IBM instala sistema criogênico em Nova York para desenvolver computador quântico resistente a falhas
A IBM instalou em Nova York um sistema criogênico que opera a 15 milikelvin para desenvolver um computador quântico resistente a falhas até 2029. A infraestrutura modular visa reduzir o ruído térmico e permitir a expansão de chips quânticos
:format(jpg)/f.elconfidencial.com%2Foriginal%2Ff44%2Fca3%2F764%2Ff44ca3764513fcfefb710b0011e15a22.jpg)
A IBM implementou em Yorktown Heights, Nova York, um novo sistema criogênico capaz de operar a 15 milikelvin, temperatura extremamente próxima do zero absoluto. O avanço é parte da estratégia da companhia para desenvolver um computador quântico resistente a falhas, com meta de entrega para 2029.
Estabilidade térmica e processamento
A redução drástica da temperatura é fundamental para a viabilidade da computação quântica, pois minimiza a energia térmica ao redor dos componentes. Esse controle rigoroso reduz o ruído ambiental, evitando perturbações que causam erros nos cálculos e comprometem a estabilidade dos estados quânticos.
Essa precisão torna-se ainda mais crítica à medida que as máquinas integram um volume maior de componentes, elevando a probabilidade de falhas operacionais. Embora o recorde experimental de temperatura mais baixa pertença à equipe QUANTUS, na Alemanha, que atingiu 38 picokelvin em 2018, a marca de 15 milikelvin é considerada suficiente para a escala de hardware que a IBM planeja expandir.
Infraestrutura e escalabilidade
O sistema instalado em Nova York utiliza um design modular, permitindo a adição de novos chips quânticos conforme a necessidade de processamento aumente. Atualmente, os dois primeiros módulos criogênicos já estão montados e operacionais.
Durante a fase de implementação, a equipe técnica atingiu a marca de 4 kelvin — temperatura próxima à do hélio líquido — em menos de cinco dias, prosseguindo posteriormente o resfriamento até a faixa de milikelvin.

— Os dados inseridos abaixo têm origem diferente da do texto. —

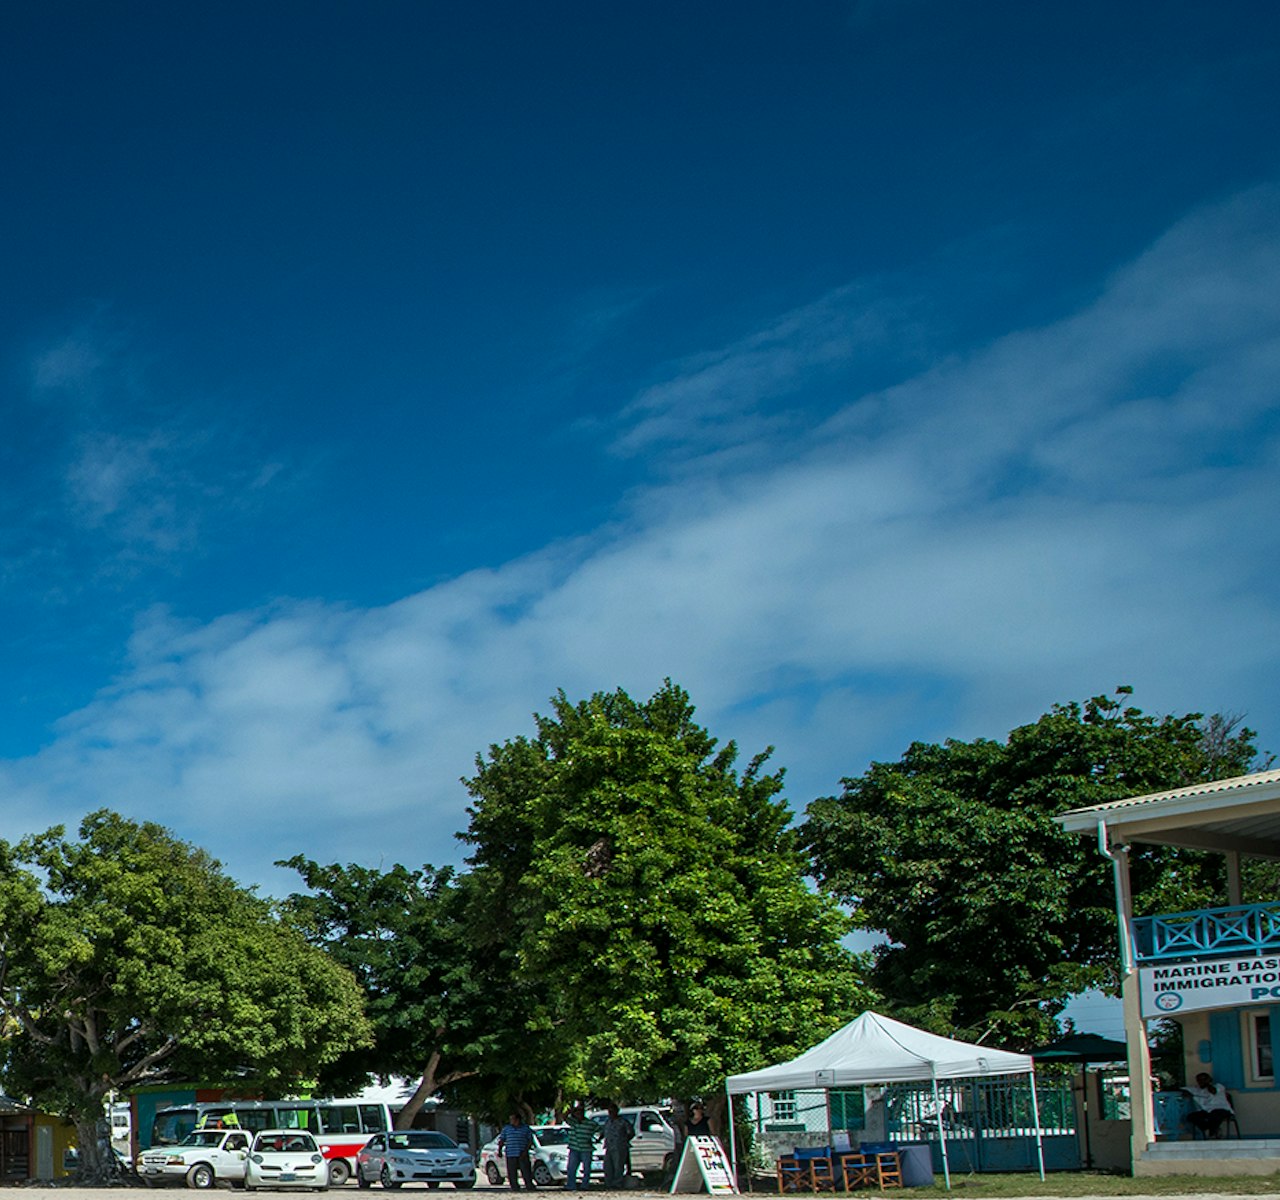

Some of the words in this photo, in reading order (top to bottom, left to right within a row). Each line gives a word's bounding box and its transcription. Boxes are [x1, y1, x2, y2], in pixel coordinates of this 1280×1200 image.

[1153, 963, 1231, 979] MARINE
[1237, 959, 1280, 972] BAS
[1153, 972, 1280, 992] IMMIGRATIO

Caminho para a computação industrial
Para Jay Gambetta, diretor da IBM Research, a operação bem-sucedida desses módulos é um passo decisivo para a industrialização de sistemas capazes de corrigir seus próprios erros. Segundo o executivo, a viabilização de máquinas resistentes a falhas depende da convergência entre essa infraestrutura criogênica e a evolução constante de algoritmos quânticos, software e hardware.
Para contextualizar a escala do experimento, o zero absoluto (0 kelvin ou -273,15 °C) representa o limite físico onde o movimento dos átomos atinge seu valor mínimo, tornando esses laboratórios alguns dos ambientes mais frios já criados artificialmente.